Konzert Musikabend des Missionsfestes kommt gut an

Kirchberg / Kurt Högerle 20.06.2018

Seit dem Jahr 2000 gehört das Missionsfest zum Kirchberger Festkalender. Zu seiner mittlerweile 19. Auflage in diesem Jahr haben sich die Frauen und Männer der Gemeinde, allen voran Pfarrer Benedict Roy und Berthold Büchele vom Kirchengemeinderat, etwas Neues einfallen lassen. „Der schöne Innenhof zwischen Dorfhaus und Kirche bietet sich wirklich für Gemeindefeste an“, erläuterte Berthold Büchele das Anliegen, „und darum hatten wir die Kirchberger schon auf den Samstagabend eingeladen.“

Bei gutem, wenn auch etwas unsicherem Wetter hatten dann auch schon zahlreiche Kirchberger eingefunden, um der Erolzheimer Gruppe „Wir4 und Freunde“ ihre Aufwartung zu machen. Musikalisch ist die Band als typischen Coverband einzuordnen: Ihr Repertoire erstreckte sich zwischen Simon and Garfunkel und Tokio Hotel, und das kam gut an: Die meisten Titel konnte das Publikum mitsingen. Die zahlreichen Spenden will das Quartett ihrem Patenkind aus einem ostindischen SOS-Kinderdorf schicken.

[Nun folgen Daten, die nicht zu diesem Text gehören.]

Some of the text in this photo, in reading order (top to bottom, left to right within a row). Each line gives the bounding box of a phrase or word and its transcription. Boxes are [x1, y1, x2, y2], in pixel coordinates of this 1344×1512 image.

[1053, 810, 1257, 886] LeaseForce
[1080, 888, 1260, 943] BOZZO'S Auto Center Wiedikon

Feier bis weit in die Nacht

Bis weit in die Nacht hinein bewirteten Mitglieder der Deutschen Pfadfinderschaft Sankt Georg in Sinningen die gut gelaunten Besucher. „Wir machen das gerne“, versicherte deren Frontfrau Kerstin Herz. Das merke man, meinte schließlich einer der Feiernden. „Sie sind voll bei der Sache.“ Lange war allerdings unklar, ob das Wetter halten würde. Die Helfer blieben lange skeptisch, bis wirklich klar war, dass Blitz und Donner vorbeiziehen würden.

Auch das eigentliche Missionsfest am Sonntag blieb fast vollständig trocken. Der Kinderchor der Grundschule Kirchberg gestaltete den Gottesdienst mit und gab dann auf dem Missionsfest ein Ständchen. Einen wichtigen Auftritt bekam auch die Nachwuchsmusiker des Vororchesters Dettingen-Erolzheim-Kirchberg, Hauptattraktion war wie schon in den Vorjahren die „Goldies“, die Altersgruppe des Musikvereins Kirchberg.

Der Reinerlös des Kirchberger Missionsfestes geht in diesem Jahr an Schwester Janina Jende von den Franziskanerinnen-Missionarinnen. Sie betreibt zusammen mit ihren Ordenskolleginnen eine Geburts- und Säuglingsstation in Äthiopien, einem der ärmsten Länder Afrikas. In erster Linie soll das Geld sauberes Trinkwasser und eine gesunde Ernährung ermöglichen, was in solchen Lagern immer besonders schwierig ist. Schwester Janina war persönlich anwesend und konnte sich gleich an Ort und Stelle für die Unterstützung bedanken.